Best of 2019: Daniel Boetker-Smith

Every year, BJP-online asks a selection of industry leaders to recommend the photobooks, exhibitions, and projects that stood out to them most. Throughout December and January, we will be sharing their nominations for the Best of 2019

An expert on photobooks and self-publishing in the Asia-Pacific area, Daniel Boetker-Smith is a writer, curator, photographer and educator based in Melbourne, Australia. He has worked as a lecturer for the past 15 years, and in 2013 he took up the post as an academic director at Photography Studies College in Melbourne — the oldest independent photography institution in Australia.

Boetker-Smith regularly contributes to British Journal Photography, as well as Photo-eye and Paper Journal, among other international publications, and is the director of the Asia-Pacific Photobook Archive, a non-profit library of self-published and independent photobooks. 

From a special release of Taiwan’s Voices of Photography magazine, to a fascinating exhibition in the outskirts of Hanoi, below, Boetker-Smith shares his top five photobooks and exhibitions from 2019. 


Meg Porteous: Tears in rain

Exhibition at Hopkinson Mossman, Wellington, New Zealand (May – June 2019)

Meg Porteous plays with time, self-portraiture and surveillance in ways I have not seen before. Her work is a heady mix of childhood snapshots, grainy images of passers-by in the street, naked selfies, and covert photographs of her neighbours through their apartment windows, which all combine to form a smart and confronting examination of a woman moving through and existing in public and private spaces in the 21st century. Collectively, her work is provocative and enthralling; I can’t wait to see what she does next.

Carrera Lady, Quasi Femme, The Watches, 2019 © Meg Porteous. Courtesy the artist and Mossman, Wellington.

SHOUT IV

Special release from Voices of Photography magazine, Taiwan (November 2019)

The publishers of Taiwan’s excellent Voices of Photography (VOP) magazine occasionally release the SHOUT series. Now in its fourth edition, SHOUT enables the team at VOP to publish new work by emerging photographers outside of the framework and limitations of their regular printed magazine. As a result, the publication always takes an exciting and experimental form and includes surprising and unexpected imagery. This volume features the work of Su Misu, Lin Chien-Wen and Wu Mei-Chi, and includes zines, postcards, folding books and posters. A must-have for anyone interested in emerging photographic practices in Asia.

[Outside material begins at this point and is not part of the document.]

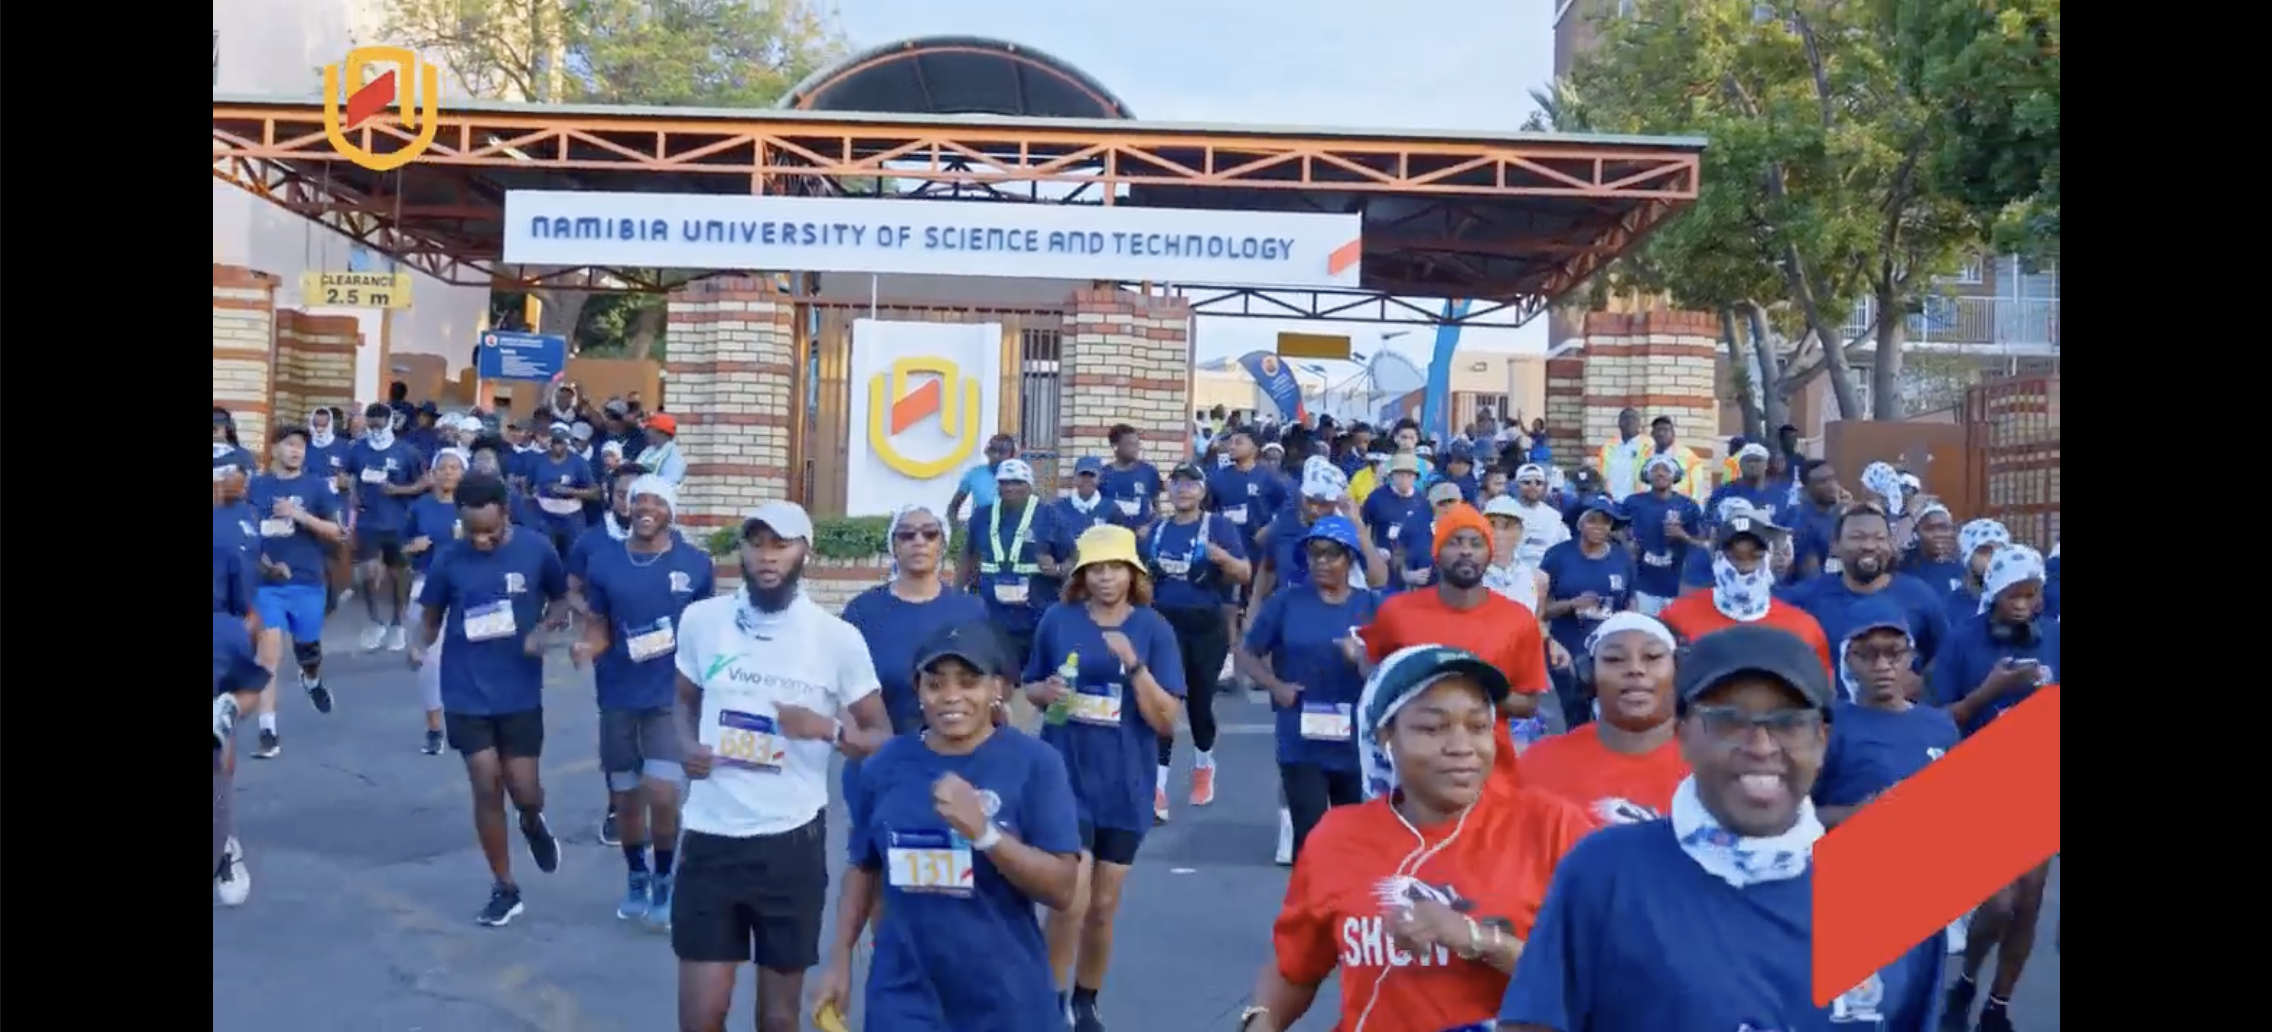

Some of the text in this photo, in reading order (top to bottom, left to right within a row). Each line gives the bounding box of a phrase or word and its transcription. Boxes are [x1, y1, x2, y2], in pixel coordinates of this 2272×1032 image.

[531, 215, 1295, 261] NAMIBIA UNIVERSITY OF SCIENCE AND TECHNOLOGY
[327, 288, 389, 305] 2.5 m
[729, 667, 762, 684] Vivo

Shout IV, Voices of Photography.

Patrick Pound: The Fall

Exhibition at Darren Knight Gallery, Sydney (February — March 2019)

New Zealand-born Patrick Pound is somewhat of a national treasure in his adopted Australia, and it is still a mystery to me how he hasn’t represented either country at the Venice Biennale. Pound is an obsessive collector of photographs and cultural ephemera, and his installations come to life when he organises his curated collection around a specific theme. The Fall exhibition at Darren Knight Gallery, Sydney, brought together signed movie posters, vintage postcards, porcelain figurines, pulp novels, a range of “nik-naks”, and a huge array of found photographs. The result was a joyful jaunt through the ridiculousness and richness of the 20th century.

Patrick Pound, The Fall at Darren Knight Gallery, Sydney. © Simon Hewson.

Nhung Ngay Doi Nang: Days in the Sun

Exhibition at Matca, Hanoi, Vietnam (August — October 2019)

Nhung Ngay Doi Nang (Days in the Sun) showcased the extraordinary career and life of Nguyen Van Chanh,  who founded the successful photo studio chain, Luminor Photo, in North Vietnam during the French colonial period. Chanh’s portraiture and commercial work became much sought-after from the mid-1920s to the mid-1950s, and this reappraisal of his oeuvre was presented alongside images from his family photo albums, selected by his eldest daughter Bach Diep, Vietnam’s first female film director. The exhibition was first shown at Matca, a community hub for contemporary photography established in April 2019 with a gallery, photobook library and studio, and is now on show until 18 December at Angkor Photo Festival.

Courtesy of the gallery.

jump into bed with me

Photobook by Paul Knight, published by Perimeter Editions

Published by Australian imprint Perimeter Editions and part of a larger suite of autobiographical work titled Chamber Music, this book takes the intimacy between the photographer and his partner Peter as its conceptual starting point. Knight positions his camera on any available surface – a coffee table, a rock at the beach, a mantelpiece – and the result is a refreshingly loose and honest account of their day to day life — from the banal to the pornographic. The snapshot aesthetic and simple structure of the book, which is folded and stapled, combined with edited transcripts of the couple’s texts message history, makes for a lo-fi and personalised insight into a modern love affair.